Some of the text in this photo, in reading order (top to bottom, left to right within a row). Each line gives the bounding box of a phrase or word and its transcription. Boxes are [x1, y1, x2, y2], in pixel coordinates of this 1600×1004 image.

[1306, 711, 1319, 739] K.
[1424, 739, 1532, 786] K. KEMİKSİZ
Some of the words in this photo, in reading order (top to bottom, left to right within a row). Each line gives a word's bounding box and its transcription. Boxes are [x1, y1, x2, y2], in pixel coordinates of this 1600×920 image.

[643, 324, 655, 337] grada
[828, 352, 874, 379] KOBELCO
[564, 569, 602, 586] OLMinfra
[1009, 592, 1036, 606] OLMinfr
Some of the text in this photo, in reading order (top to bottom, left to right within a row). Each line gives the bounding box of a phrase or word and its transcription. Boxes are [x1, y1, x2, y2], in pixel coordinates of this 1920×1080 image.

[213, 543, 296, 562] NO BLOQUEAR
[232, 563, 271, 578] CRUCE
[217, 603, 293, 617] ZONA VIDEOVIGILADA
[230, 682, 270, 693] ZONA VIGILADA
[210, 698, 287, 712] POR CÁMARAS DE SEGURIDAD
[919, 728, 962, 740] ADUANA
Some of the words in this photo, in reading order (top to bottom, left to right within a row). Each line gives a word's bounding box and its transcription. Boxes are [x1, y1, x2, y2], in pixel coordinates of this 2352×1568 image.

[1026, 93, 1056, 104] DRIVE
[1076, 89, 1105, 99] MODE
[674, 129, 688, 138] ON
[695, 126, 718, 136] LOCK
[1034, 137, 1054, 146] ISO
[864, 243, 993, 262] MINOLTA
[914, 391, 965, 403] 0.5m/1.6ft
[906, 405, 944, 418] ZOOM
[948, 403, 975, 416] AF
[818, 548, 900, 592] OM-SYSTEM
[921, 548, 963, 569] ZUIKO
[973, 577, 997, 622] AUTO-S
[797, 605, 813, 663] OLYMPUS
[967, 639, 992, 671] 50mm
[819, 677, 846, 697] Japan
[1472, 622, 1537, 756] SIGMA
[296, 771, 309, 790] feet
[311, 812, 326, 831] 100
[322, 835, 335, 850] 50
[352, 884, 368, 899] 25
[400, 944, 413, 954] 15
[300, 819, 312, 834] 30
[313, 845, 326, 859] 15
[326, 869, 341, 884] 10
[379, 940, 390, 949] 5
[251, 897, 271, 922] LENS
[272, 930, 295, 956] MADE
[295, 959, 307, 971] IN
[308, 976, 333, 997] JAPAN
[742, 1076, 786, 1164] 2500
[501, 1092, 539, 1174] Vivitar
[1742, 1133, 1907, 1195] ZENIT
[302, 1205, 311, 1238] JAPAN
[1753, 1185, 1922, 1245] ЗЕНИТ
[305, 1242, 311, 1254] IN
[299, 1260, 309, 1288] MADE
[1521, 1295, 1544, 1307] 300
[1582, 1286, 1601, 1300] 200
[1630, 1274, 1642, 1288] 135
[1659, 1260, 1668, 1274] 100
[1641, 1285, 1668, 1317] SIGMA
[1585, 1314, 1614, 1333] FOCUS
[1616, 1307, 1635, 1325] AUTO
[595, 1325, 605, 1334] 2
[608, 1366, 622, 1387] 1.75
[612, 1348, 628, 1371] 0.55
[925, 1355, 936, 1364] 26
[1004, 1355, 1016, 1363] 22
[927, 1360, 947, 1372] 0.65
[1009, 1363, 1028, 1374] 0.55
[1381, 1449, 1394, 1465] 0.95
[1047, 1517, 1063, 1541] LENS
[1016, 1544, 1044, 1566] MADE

++++++++++

→ **About this exercise**
A word-for-word copy of the material above is required.

→ **Task response**
Some of the text in this photo, in reading order (top to bottom, left to right within a row). Each line gives the bounding box of a phrase or word and its transcription. Boxes are [x1, y1, x2, y2], in pixel coordinates of this 1600×1004 image.

[1306, 711, 1319, 739] K.
[1424, 739, 1532, 786] K. KEMİKSİZ
Some of the words in this photo, in reading order (top to bottom, left to right within a row). Each line gives a word's bounding box and its transcription. Boxes are [x1, y1, x2, y2], in pixel coordinates of this 1600×920 image.

[643, 324, 655, 337] grada
[828, 352, 874, 379] KOBELCO
[564, 569, 602, 586] OLMinfra
[1009, 592, 1036, 606] OLMinfr
Some of the text in this photo, in reading order (top to bottom, left to right within a row). Each line gives the bounding box of a phrase or word and its transcription. Boxes are [x1, y1, x2, y2], in pixel coordinates of this 1920×1080 image.

[213, 543, 296, 562] NO BLOQUEAR
[232, 563, 271, 578] CRUCE
[217, 603, 293, 617] ZONA VIDEOVIGILADA
[230, 682, 270, 693] ZONA VIGILADA
[210, 698, 287, 712] POR CÁMARAS DE SEGURIDAD
[919, 728, 962, 740] ADUANA
Some of the words in this photo, in reading order (top to bottom, left to right within a row). Each line gives a word's bounding box and its transcription. Boxes are [x1, y1, x2, y2], in pixel coordinates of this 2352×1568 image.

[1026, 93, 1056, 104] DRIVE
[1076, 89, 1105, 99] MODE
[674, 129, 688, 138] ON
[695, 126, 718, 136] LOCK
[1034, 137, 1054, 146] ISO
[864, 243, 993, 262] MINOLTA
[914, 391, 965, 403] 0.5m/1.6ft
[906, 405, 944, 418] ZOOM
[948, 403, 975, 416] AF
[818, 548, 900, 592] OM-SYSTEM
[921, 548, 963, 569] ZUIKO
[973, 577, 997, 622] AUTO-S
[797, 605, 813, 663] OLYMPUS
[967, 639, 992, 671] 50mm
[819, 677, 846, 697] Japan
[1472, 622, 1537, 756] SIGMA
[296, 771, 309, 790] feet
[311, 812, 326, 831] 100
[322, 835, 335, 850] 50
[352, 884, 368, 899] 25
[400, 944, 413, 954] 15
[300, 819, 312, 834] 30
[313, 845, 326, 859] 15
[326, 869, 341, 884] 10
[379, 940, 390, 949] 5
[251, 897, 271, 922] LENS
[272, 930, 295, 956] MADE
[295, 959, 307, 971] IN
[308, 976, 333, 997] JAPAN
[742, 1076, 786, 1164] 2500
[501, 1092, 539, 1174] Vivitar
[1742, 1133, 1907, 1195] ZENIT
[302, 1205, 311, 1238] JAPAN
[1753, 1185, 1922, 1245] ЗЕНИТ
[305, 1242, 311, 1254] IN
[299, 1260, 309, 1288] MADE
[1521, 1295, 1544, 1307] 300
[1582, 1286, 1601, 1300] 200
[1630, 1274, 1642, 1288] 135
[1659, 1260, 1668, 1274] 100
[1641, 1285, 1668, 1317] SIGMA
[1585, 1314, 1614, 1333] FOCUS
[1616, 1307, 1635, 1325] AUTO
[595, 1325, 605, 1334] 2
[608, 1366, 622, 1387] 1.75
[612, 1348, 628, 1371] 0.55
[925, 1355, 936, 1364] 26
[1004, 1355, 1016, 1363] 22
[927, 1360, 947, 1372] 0.65
[1009, 1363, 1028, 1374] 0.55
[1381, 1449, 1394, 1465] 0.95
[1047, 1517, 1063, 1541] LENS
[1016, 1544, 1044, 1566] MADE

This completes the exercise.